Étalonnage de la caméra Intel RealSense d435 à l'aide d'OpenCV2 et de ROS

Bonjour à tous!


Je veux partager mon expérience avec la caméra Intel RealSense, modèle d435 . Comme vous le savez, de nombreux algorithmes de vision industrielle nécessitent un étalonnage préalable de la caméra . Il se trouve que sur notre projet, nous utilisons ROS pour construire des composants individuels d'un système intelligent automatisé. Cependant, après avoir étudié Internet en russe, je n'ai trouvé aucun tutoriel judicieux sur ce sujet. Cette publication vise à combler cette lacune.


Prérequis logiciel


Étant donné que ROS fonctionne sur les systèmes Unix, je suppose que nous avons le système Ubuntu 16.04 disponible. Je ne décrirai pas les détails d'installation détaillés, je ne donnerai que des liens vers les tutoriels correspondants.

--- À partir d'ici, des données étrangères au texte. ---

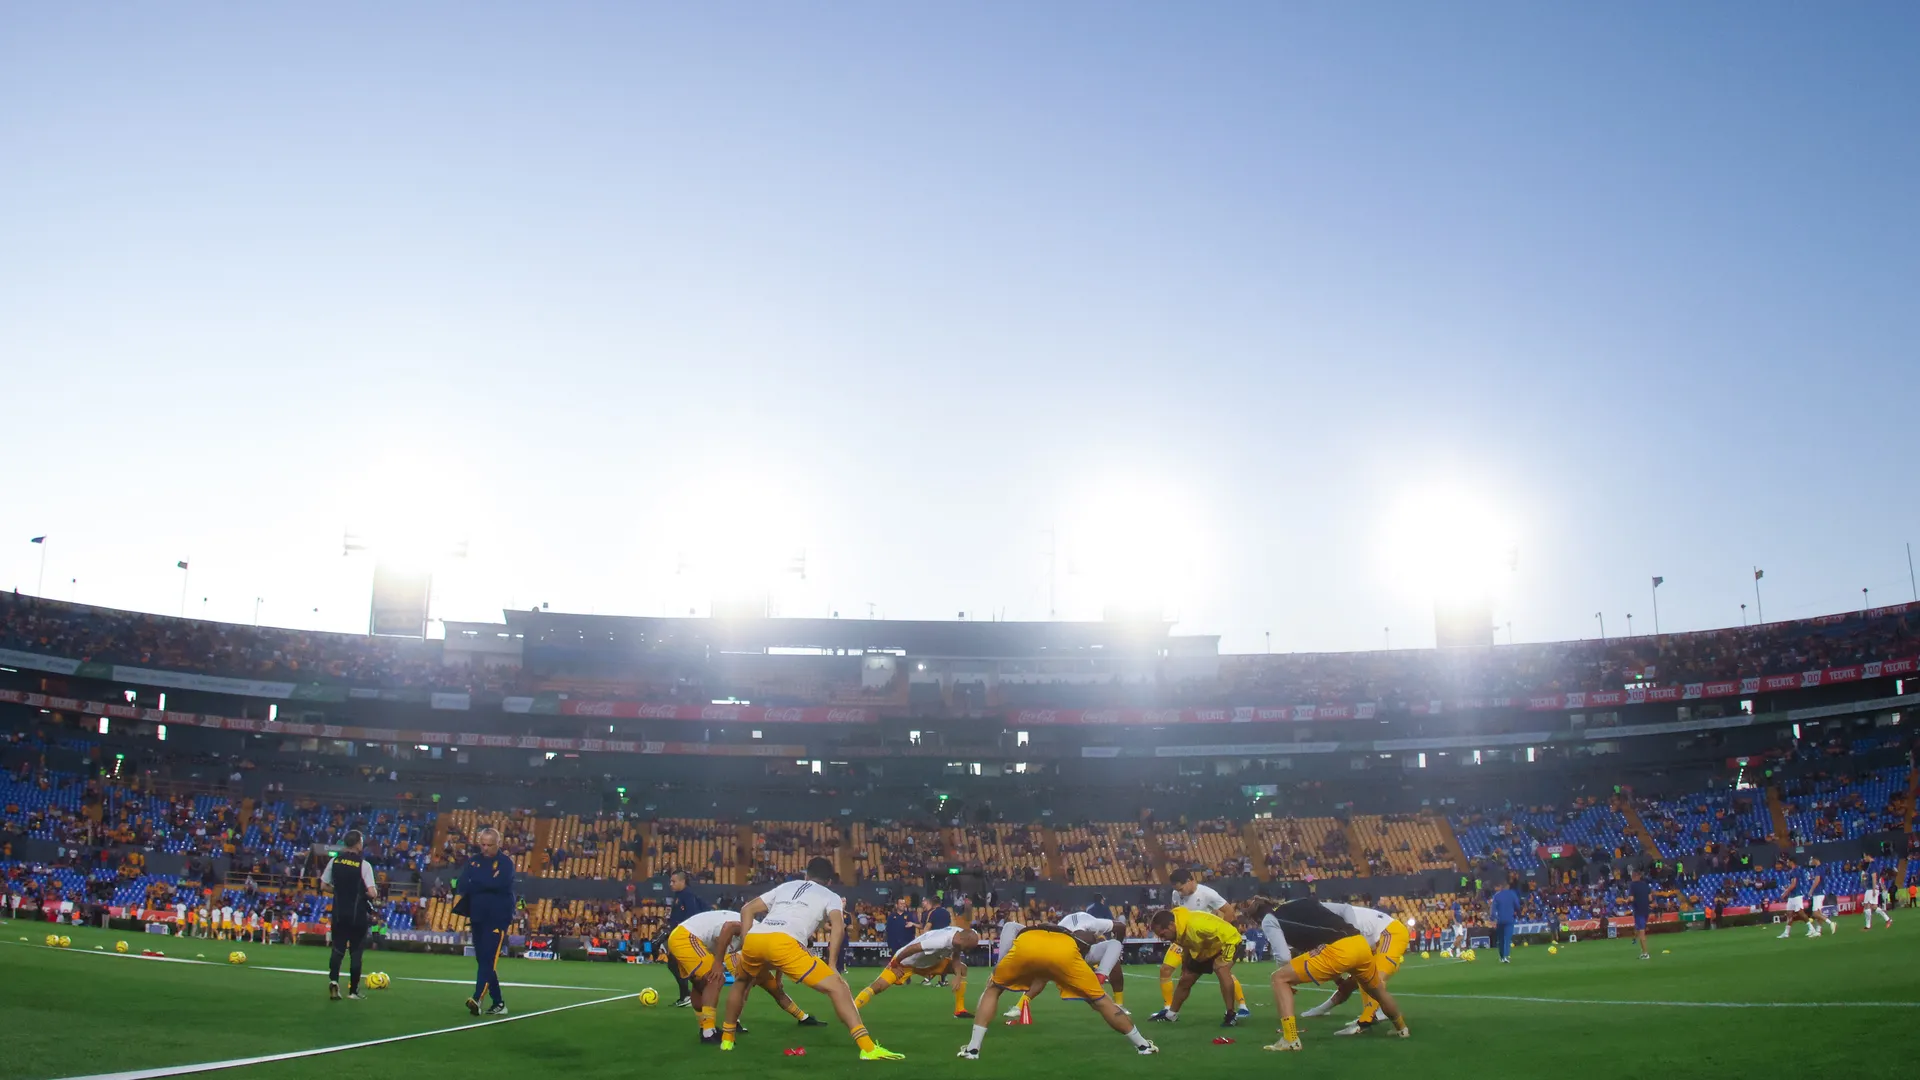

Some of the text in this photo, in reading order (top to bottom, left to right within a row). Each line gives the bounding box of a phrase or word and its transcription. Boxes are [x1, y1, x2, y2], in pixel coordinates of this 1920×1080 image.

[1884, 660, 1911, 673] TECATE
[1829, 668, 1856, 681] TECATE
[1767, 675, 1796, 688] TECATE
[1648, 688, 1676, 700] TECATE
[1706, 683, 1734, 695] TECATE
[1530, 697, 1558, 707] TECATE
[1592, 692, 1620, 704] TECATE
[1195, 710, 1225, 721] TECATE
[1320, 706, 1348, 718] TECATE
[481, 735, 512, 747] TECATE
[605, 740, 636, 752] TECATE
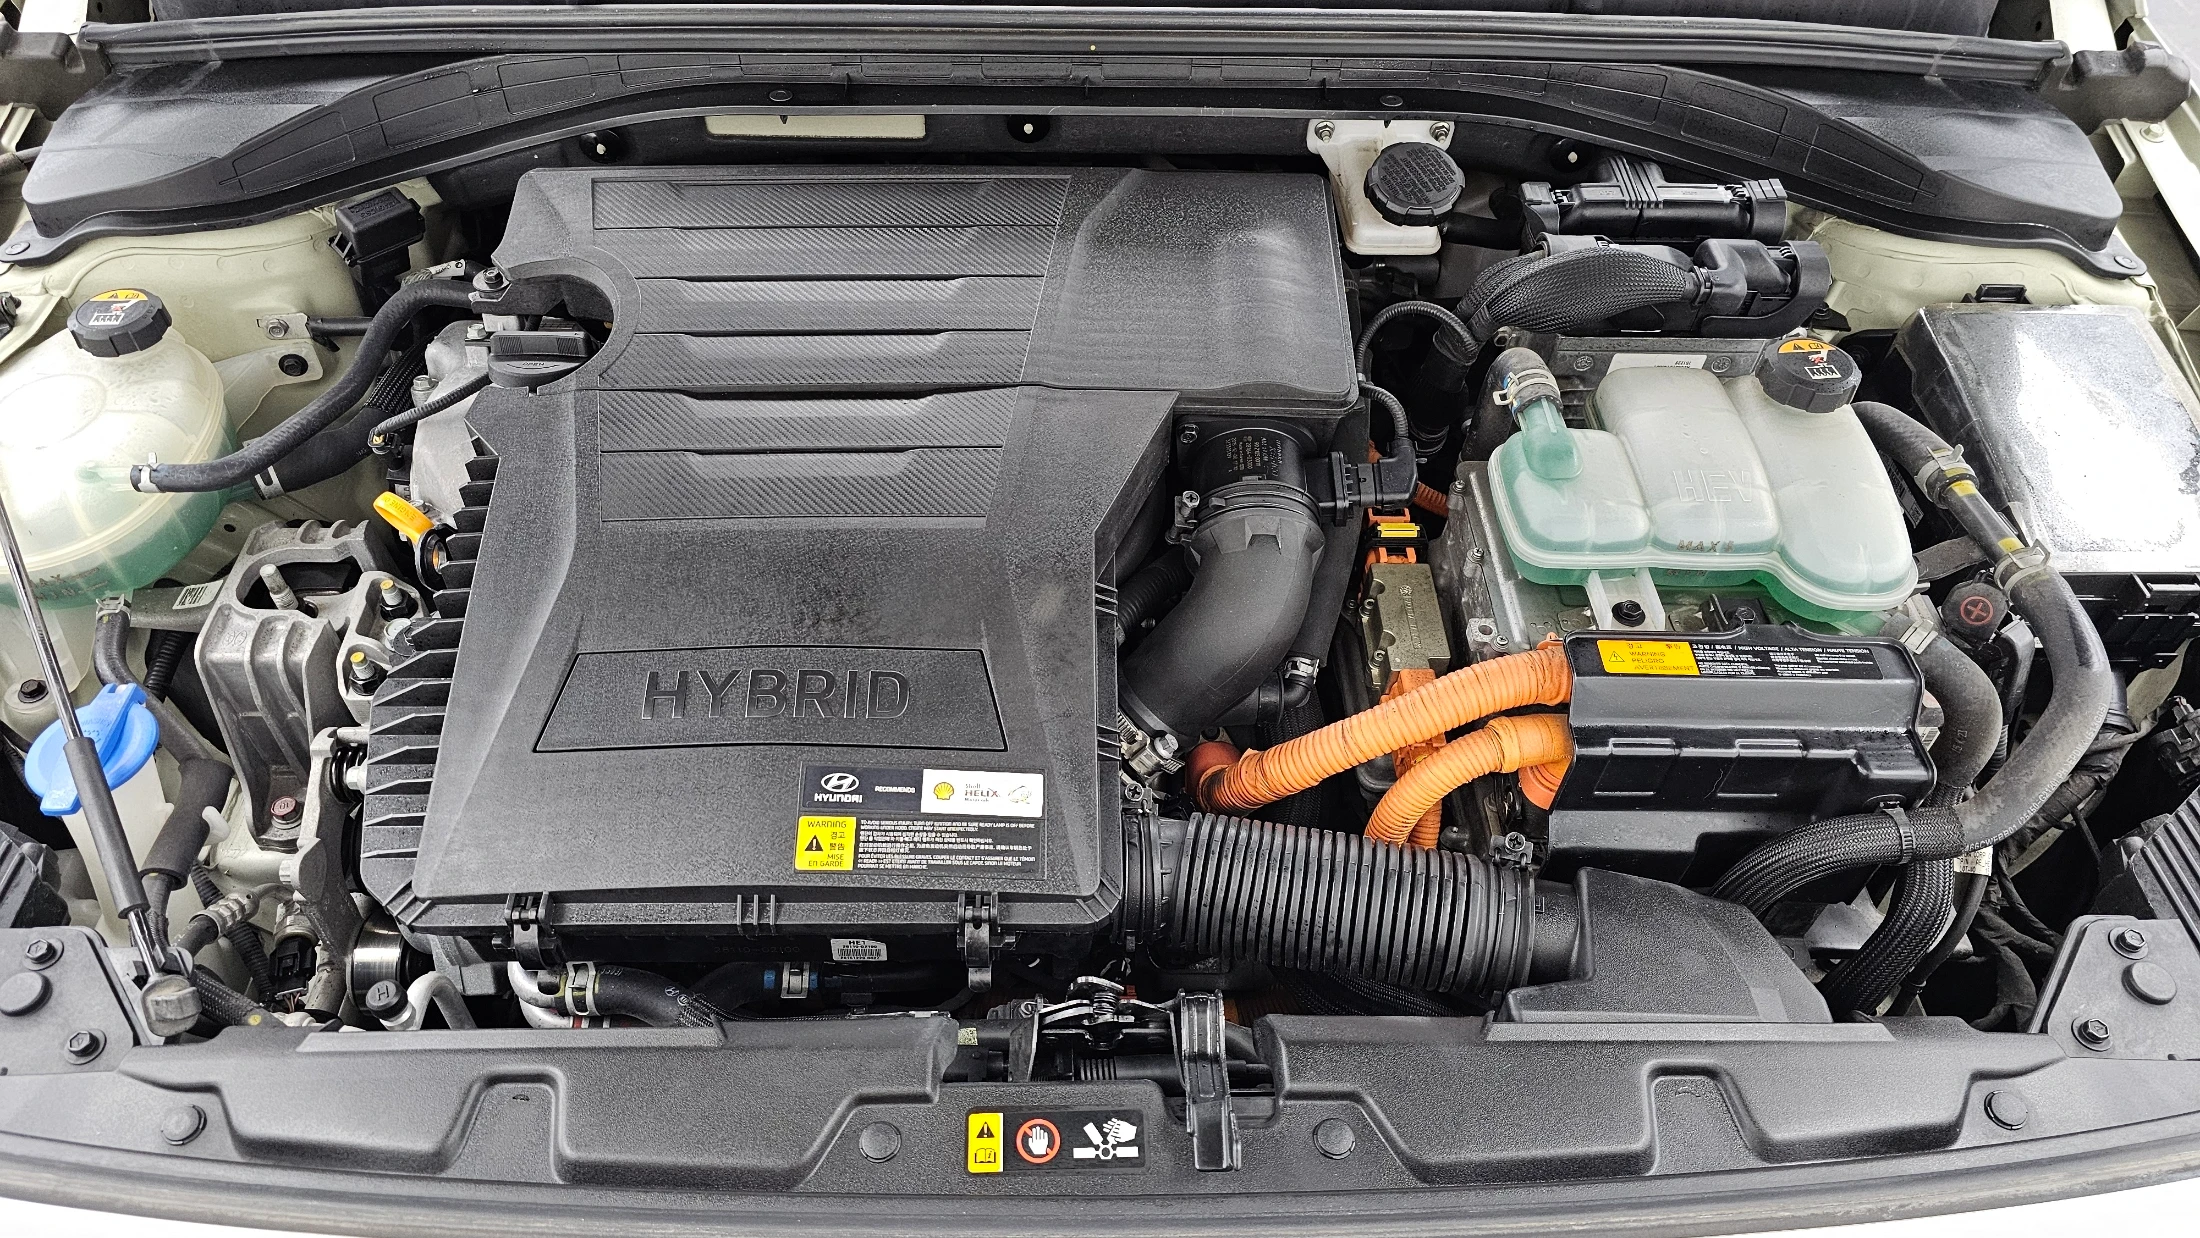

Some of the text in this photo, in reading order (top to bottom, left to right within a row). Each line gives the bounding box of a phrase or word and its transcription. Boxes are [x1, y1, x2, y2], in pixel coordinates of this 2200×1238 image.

[1672, 470, 1752, 502] HEV
[1677, 540, 1720, 552] MAX
[642, 669, 910, 720] HYBRID
[814, 792, 862, 803] HYUNDAI
[964, 788, 999, 798] HELIX
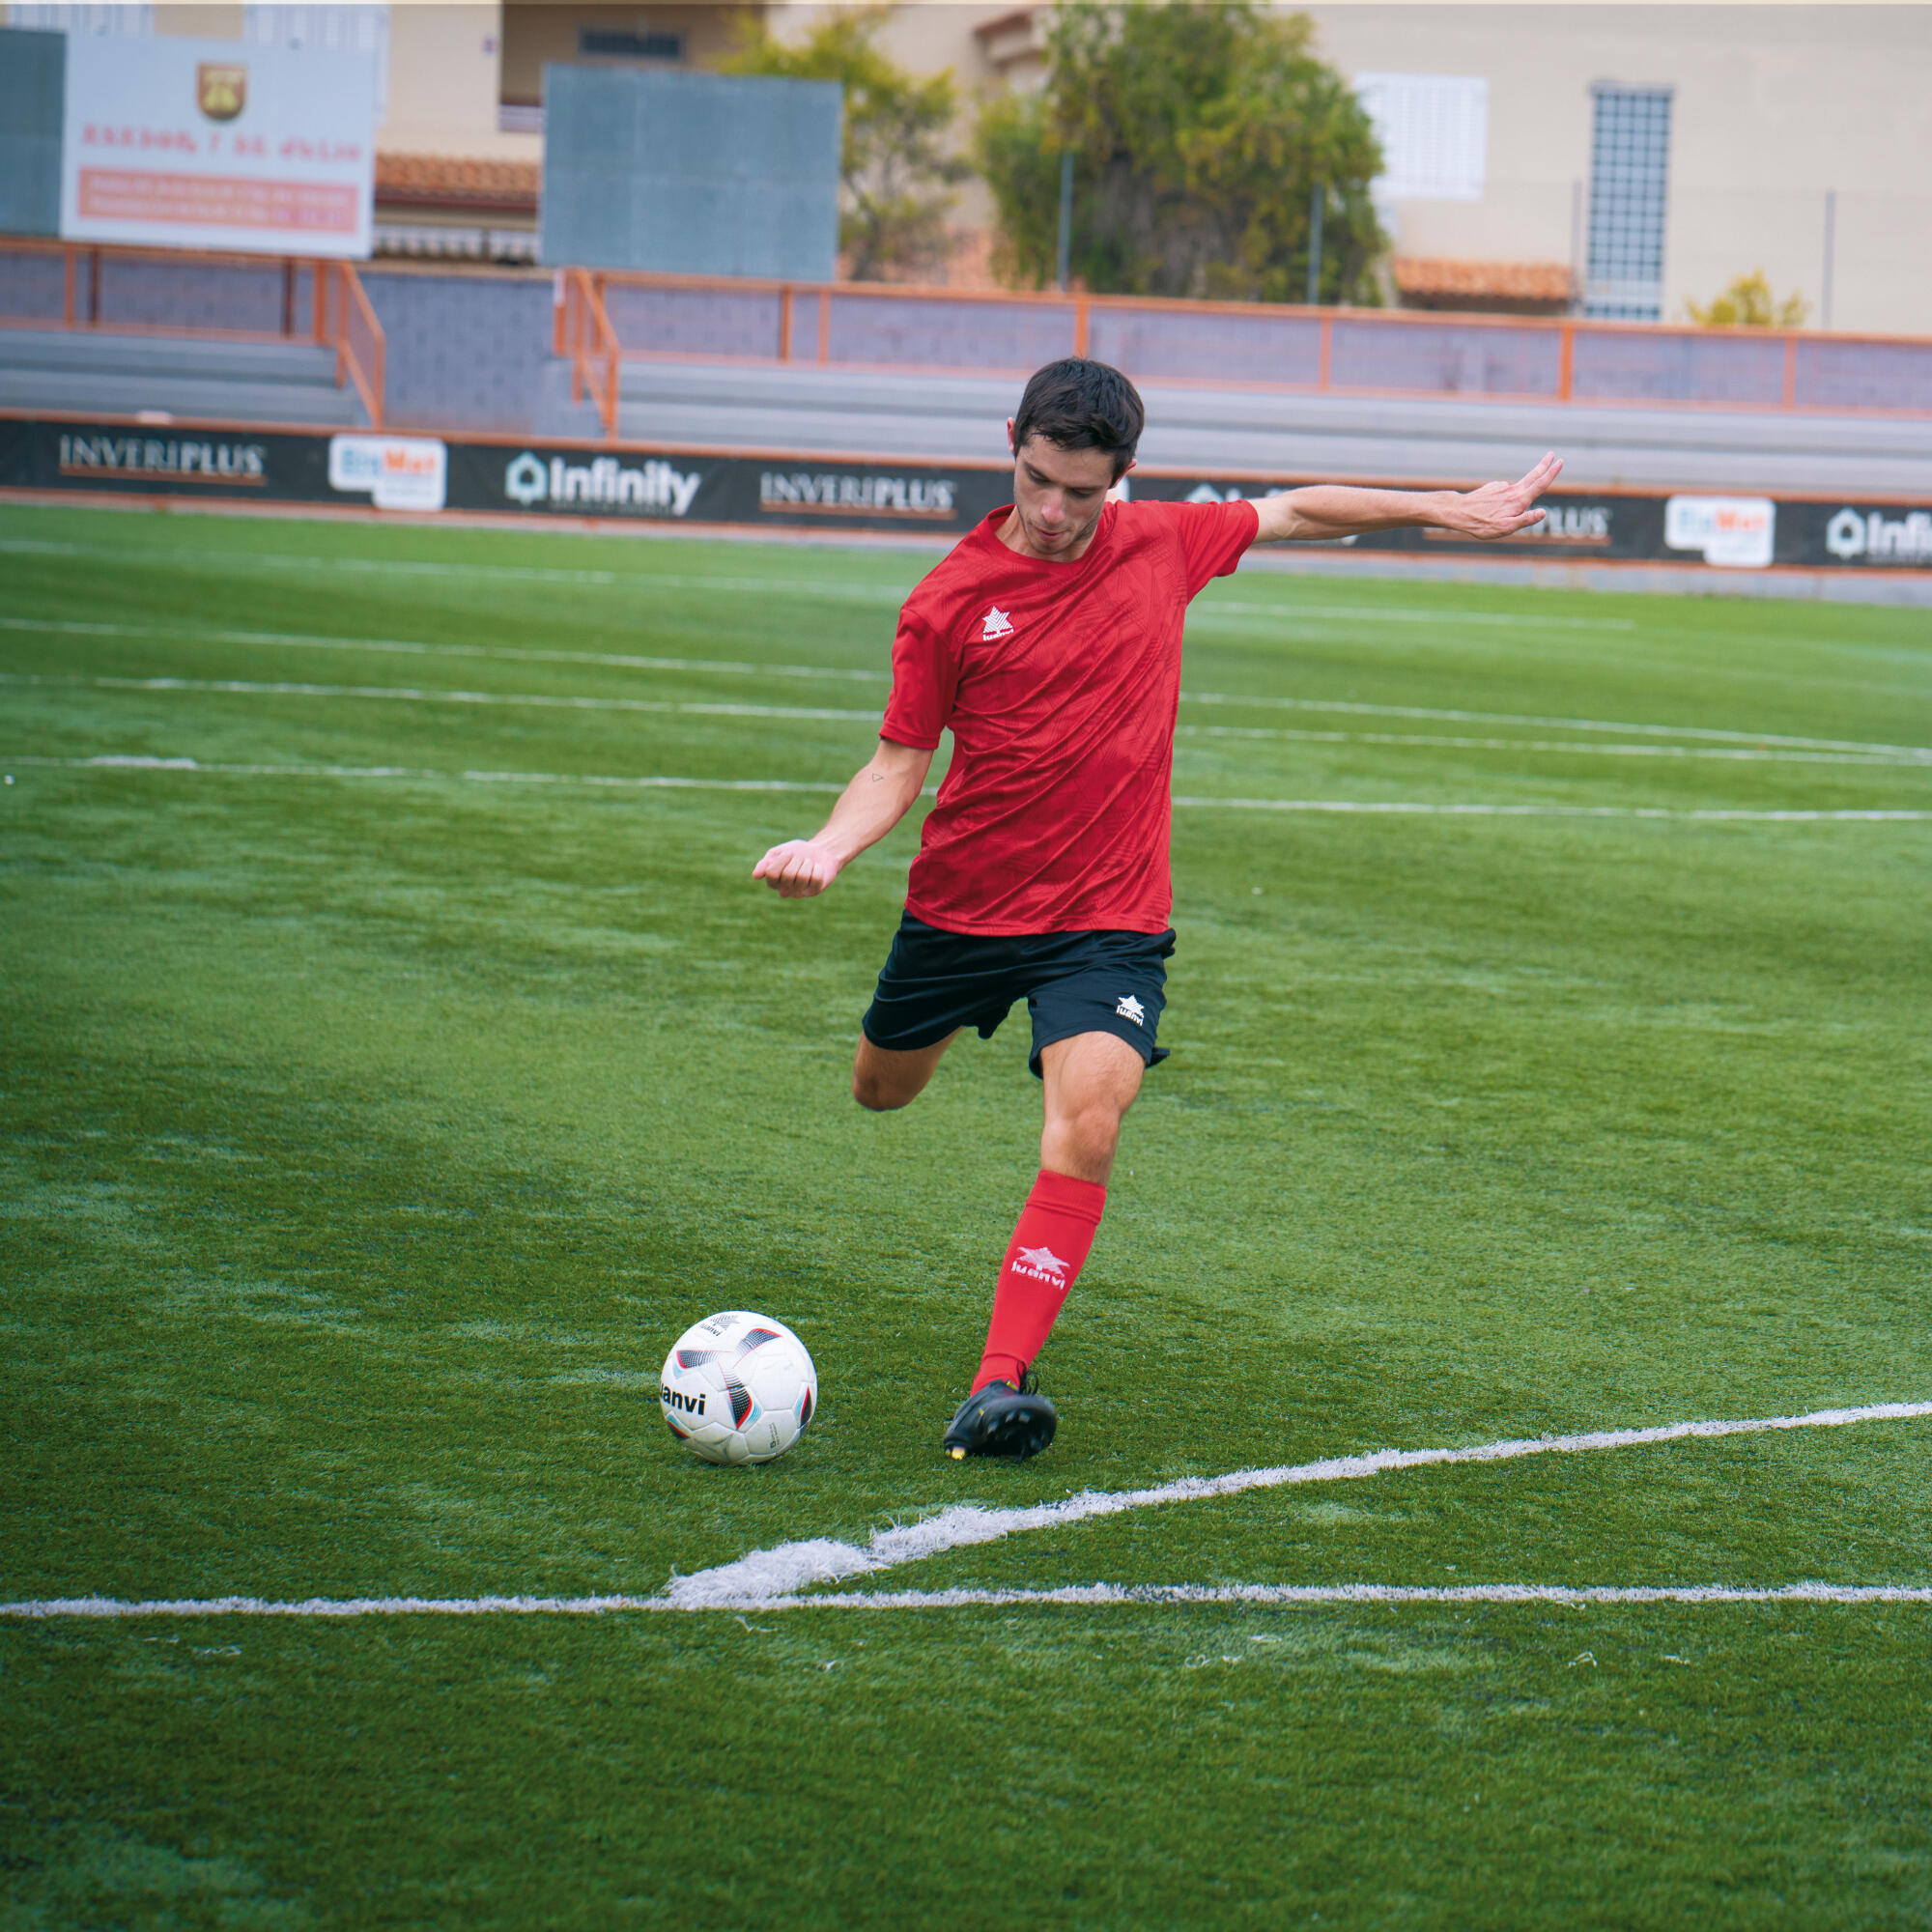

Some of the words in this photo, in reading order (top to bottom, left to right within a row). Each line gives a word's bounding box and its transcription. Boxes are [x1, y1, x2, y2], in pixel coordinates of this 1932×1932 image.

[60, 434, 266, 479] INVERIPLUS
[550, 456, 702, 517] Infinity
[760, 471, 957, 513] INVERIPLUS
[1011, 1260, 1065, 1290] luanvi

sudo apt-get install python-opencv 


Installation des pilotes RealSense


  1. Tout d'abord, vous devez installer les pilotes de la caméra.
  2. Le package ROS pour la caméra est ici . Au moment de la publication, la dernière version était la 2.0.3. Pour installer le package, vous devez télécharger le code source et le décompresser dans le répertoire personnel de ROS. Ensuite, nous devrons l'installer:

 catkin_make clean catkin_make -DCATKIN_ENABLE_TESTING=False -DCMAKE_BUILD_TYPE=Release catkin_make install echo "source path_to_workspace/devel/setup.bash" >> ~/.bashrc source ~/.bashrc 

Test de la caméra


Après avoir installé la caméra, nous devons nous assurer que les pilotes fonctionnent comme ils le devraient. Pour ce faire, nous connectons la caméra via USB et exécutons la démo:


 roslaunch realsense2_camera demo_pointcloud.launch 

Cette commande ouvrira la visualisation ROS, sur laquelle vous pourrez voir le nuage de points enregistré dans le sujet /camera/depth/color/points :


rviz


Calibrage de la caméra


Vous trouverez ci-dessous une version adaptée du tutoriel d'OpenCV .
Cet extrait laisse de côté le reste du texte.